Levée de boucliers du gouvernement :

Plusieurs milliers de personnes à la marche controversée contre l'islamophobie à Paris


Publié / Actualisé
"Vivre ensemble, c'est urgent": plusieurs milliers de personnes défilaient dimanche à Paris pour une marche controversée contre l'islamophobie, qui a déchiré la gauche et provoqué une levée de boucliers du gouvernement et de l'extrême droite.
"Vivre ensemble, c'est urgent": plusieurs milliers de personnes défilaient dimanche à Paris pour une marche controversée contre l'islamophobie, qui a déchiré la gauche et provoqué une levée de boucliers du gouvernement et de l'extrême droite.

"Oui à la critique de la religion, non à la haine du croyant", "stop à l'islamophobie", "vivre ensemble, c'est urgent", pouvait-on lire sur des pancartes de manifestants au milieu de nombreux drapeaux français. "Solidarité avec les femmes voilées", ont scandé des participants.

Partie de la gare du Nord à 13H00, la manifestation, à l'appel de plusieurs personnalités et organisations comme le NPA ou encore le Collectif contre l'islamophobie en France, doit arriver vers 16H00 Place de la Nation.

L'appel à manifester a été lancé le 1er novembre dans le quotidien "Libération", quatre jours après l'attaque d'une mosquée à Bayonne et sur fond de débat ravivé sur le port du voile et la laïcité. Le message initial était de dire "STOP à l'islamophobie", à la "stigmatisation grandissante" des musulmans, victimes de "discriminations" et d'"agressions".

"On vient alerter, dire qu'il y a un niveau de haine à ne pas dépasser.

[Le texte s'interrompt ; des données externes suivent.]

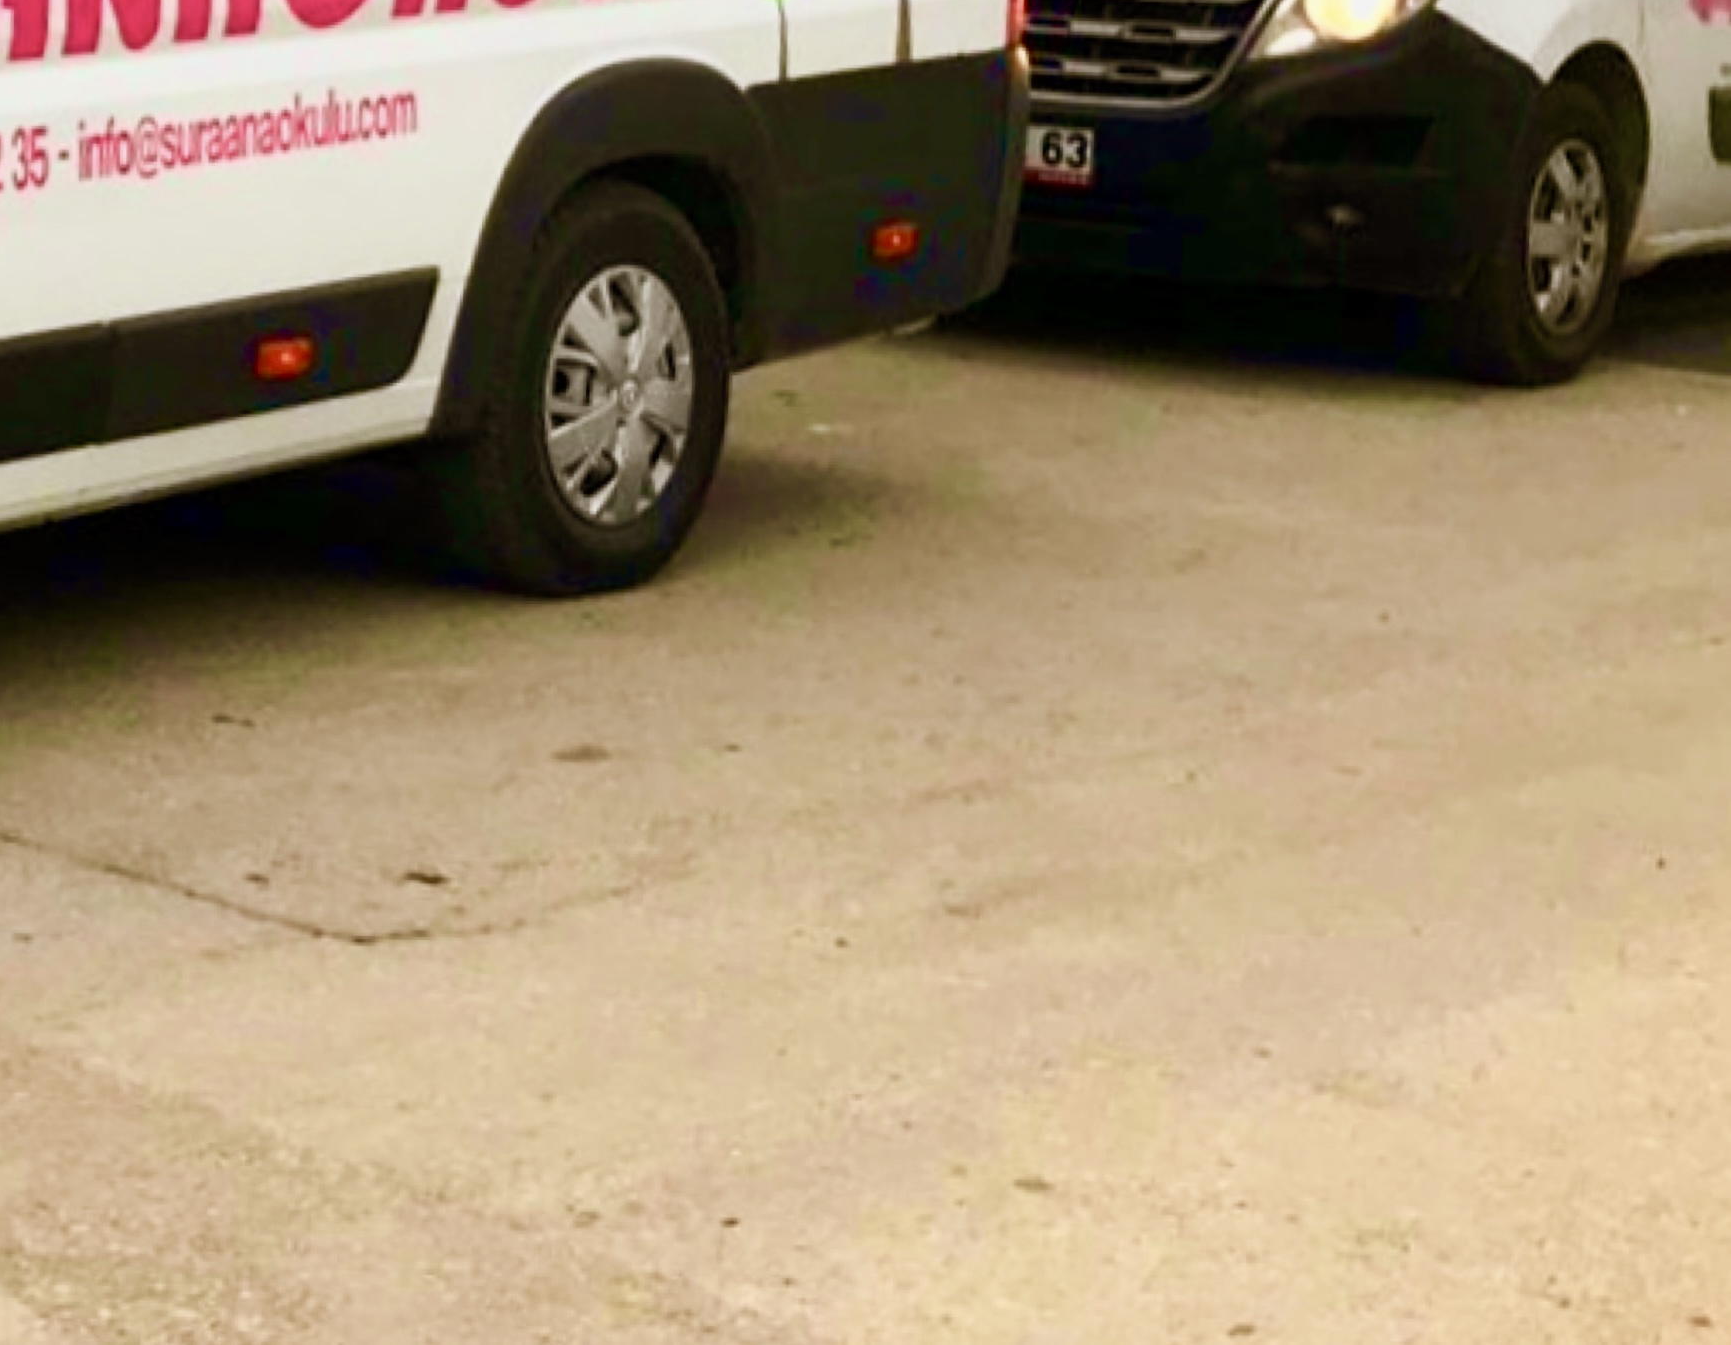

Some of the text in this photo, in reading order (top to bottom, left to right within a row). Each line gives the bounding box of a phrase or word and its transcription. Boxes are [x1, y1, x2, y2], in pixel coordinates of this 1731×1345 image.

[12, 125, 50, 193] 35
[77, 88, 419, 181] info@suraanaokulu.com
[1041, 132, 1088, 168] 63
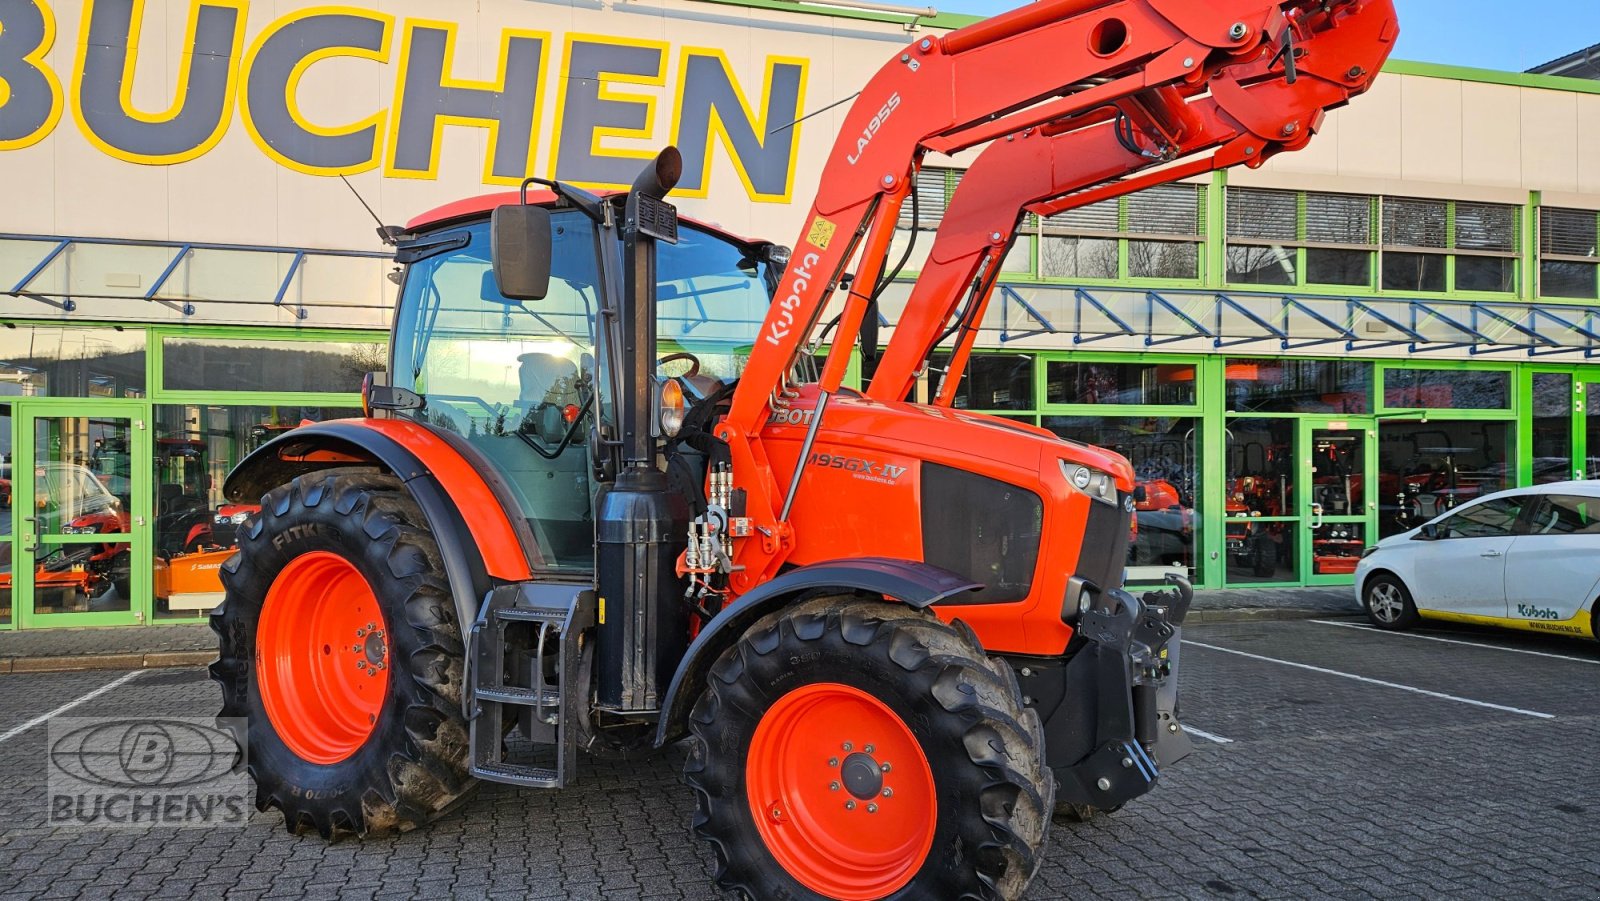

On est ouverts à la critique mais il ne faut pas dépasser certaines limites dans l'agression", a déclaré à l'AFP un manifestant, Larbi, un entrepreneur de 35 ans.

"On veut se faire entendre, prôner une société mixte et le vivre ensemble, ne pas être écartés de la société", a dit à l'AFP Asmae Eumosid, une femme voilée de 29 ans venue d'Epinay-sur-Seine (Seine-Saint-Denis).

"On entend tout et n'importe quoi sur l'islam et sur les femmes voilées aujourd'hui. On essaie de stigmatiser les musulmans, de les mettre à l'écart de la société", a assuré cette ingénieure dans l'automobile.

A Marseille, quelques centaines de personnes - familles musulmanes, mais aussi syndicalistes et militants de gauche - étaient également rassemblées dimanche après-midi porte d'Aix sous des pancartes "l'islamophobie tue". La foule a scandé "nous sommes tous des enfants de la République".

Claudine Rodinson, retraitée de 76 ans, venue avec une poignée de militants Lutte ouvrière, ne comprend pas ceux qui "à gauche, ont perdu leur dignité".
"Il y a une propagande scandaleuse faite contre les musulmans, un amalgame entre terrorisme et islam", dénonce-t-elle.

Depuis l'appel à manifester, la classe politique se déchire sur cette thématique. La notion-même d'"islamophobie" ainsi que l'identité de certains signataires de l'appel ont conduit une partie de la gauche à ne pas s'y associer, au PRG ou au PS (qui a annoncé travailler à l'organisation d'une prochaine manifestation contre le racisme).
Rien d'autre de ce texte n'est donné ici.